Removing hard dependencies on PulseAudio and splitting ports

I also build packages myself, without Pulseaudio (and some others probably). I don't really agree that it's fine to have it on by default because of something that actually happened and took quite some debugging to figure it out: when compiling SDL2 while Pulseaudio is installed, it'll give Pulseaudio preference over OSS (which IMO should always be the default on FreeBSD). Thus, on my system that had it installed but not configured there wouldn't be any sound.
If you're wondering why I compiled SDL2 outside of my poudriere build, that's because it was a source build used by UE4. Nothing special, but could happen to other people with other software as well.
For the packages I build I take a pragmatic minimalist approach, I disable what I really don't need or want (like Pulseaudio) and keep the rest at default config to prevent issues with other ports cropping up. If one day a port requires Pulseaudio, I'll either patch it out or just not install/use it.

I also have no idea why Pulseaudio is even useful really, is there software in ports that doesn't have sound if compiled without support for Pulseaudio? I haven't noticed any myself over several years.
 
Yesterday I updated 2 family PCs - both pulled in pulseaudio because of the newly introduced hard dependency by firefox-esr, for both PCs I got a call today because sound isn't working in firefox and some other programs because pulseaudio is spawned (without explicitly enabling/allowing it!) and doesn't work.
building from ports on those machines is completely out of question - these are old PCs (very first dual-core generation...) that would take hours or even days to build firefox and its dependencies; so I again had to use the dirty workaround of deleting /usr/local/bin/pulseaudio

So thinking about it again, this IMHO is a clear violation of POLA by breaking existing installations with default configuration.
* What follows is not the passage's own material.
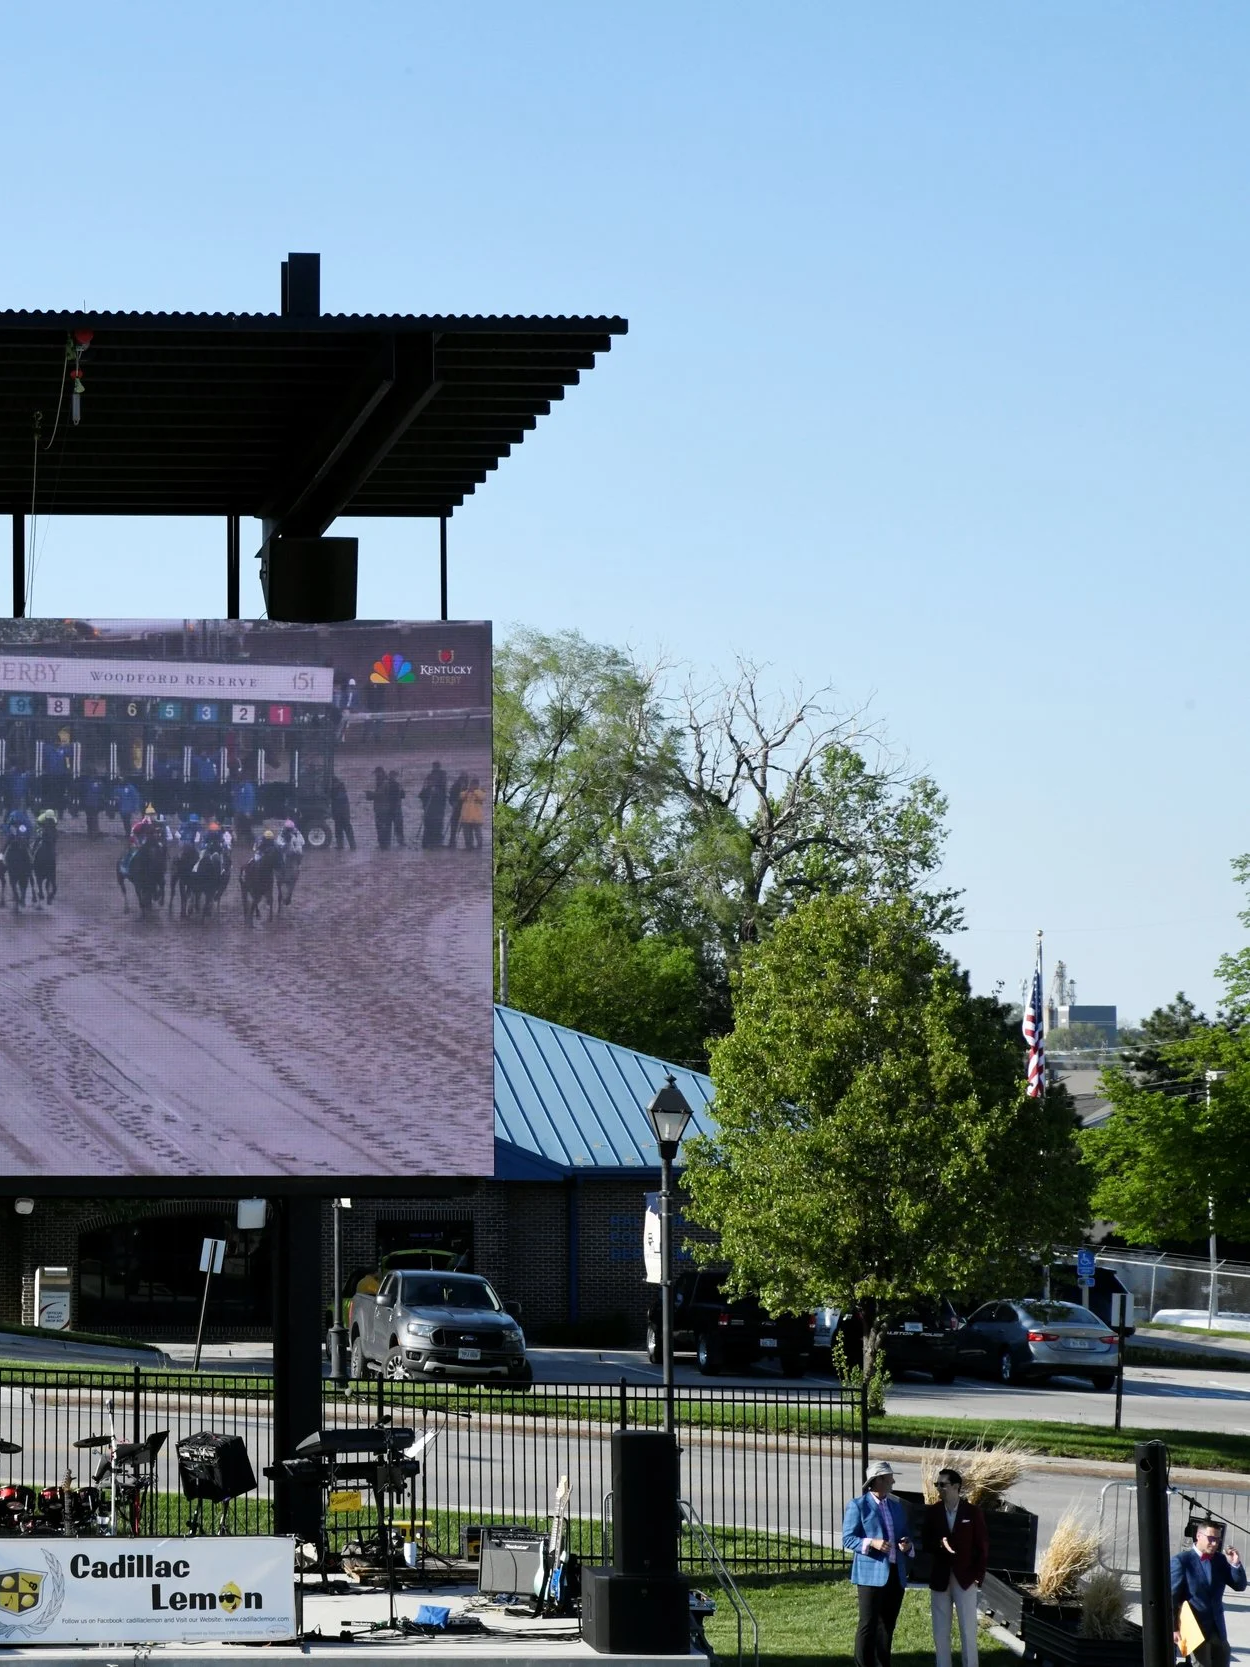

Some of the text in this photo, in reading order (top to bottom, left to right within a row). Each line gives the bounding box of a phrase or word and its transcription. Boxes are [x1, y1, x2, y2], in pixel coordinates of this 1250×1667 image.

If someone wants to use pulseaudio, one is always free to install/configure it and programs may use it (or need to be built with support) - but pulling it in and/or using it as default (which breaks existing configurations more often than not), let alone starting a daemon without enabling it via rc.conf should really be considered a regression and violation of POLA and be reported as a bug.
 
If someone wants to use pulseaudio, one is always free to install/configure it and programs may use it (or need to be built with support) - but pulling it in and/or using it as default (which breaks existing configurations more often than not), let alone starting a daemon without enabling it via rc.conf should really be considered a regression and violation of POLA and be reported as a bug.
Hear, hear!

It's sad Freebsd users are being saddled with this Linux crapware that is useless at best on Freebsd.
 
Hear, hear!

It's sad Freebsd users are being saddled with this Linux crapware that is useless at best on Freebsd.
I have PulseAudio pulled in as a dep when I compile my ports, and I don't care - nothing's broken, and it doesn't take up that much space, either. :p
 
Yesterday I updated 2 family PCs - both pulled in pulseaudio because of the newly introduced hard dependency by firefox-esr, for both PCs I got a call today because sound isn't working in firefox and some other programs because pulseaudio is spawned (without explicitly enabling/allowing it!) and doesn't work.
building from ports on those machines is completely out of question - these are old PCs (very first dual-core generation...) that would take hours or even days to build firefox and its dependencies; so I again had to use the dirty workaround of deleting /usr/local/bin/pulseaudio

So thinking about it again, this IMHO is a clear violation of POLA by breaking existing installations with default configuration.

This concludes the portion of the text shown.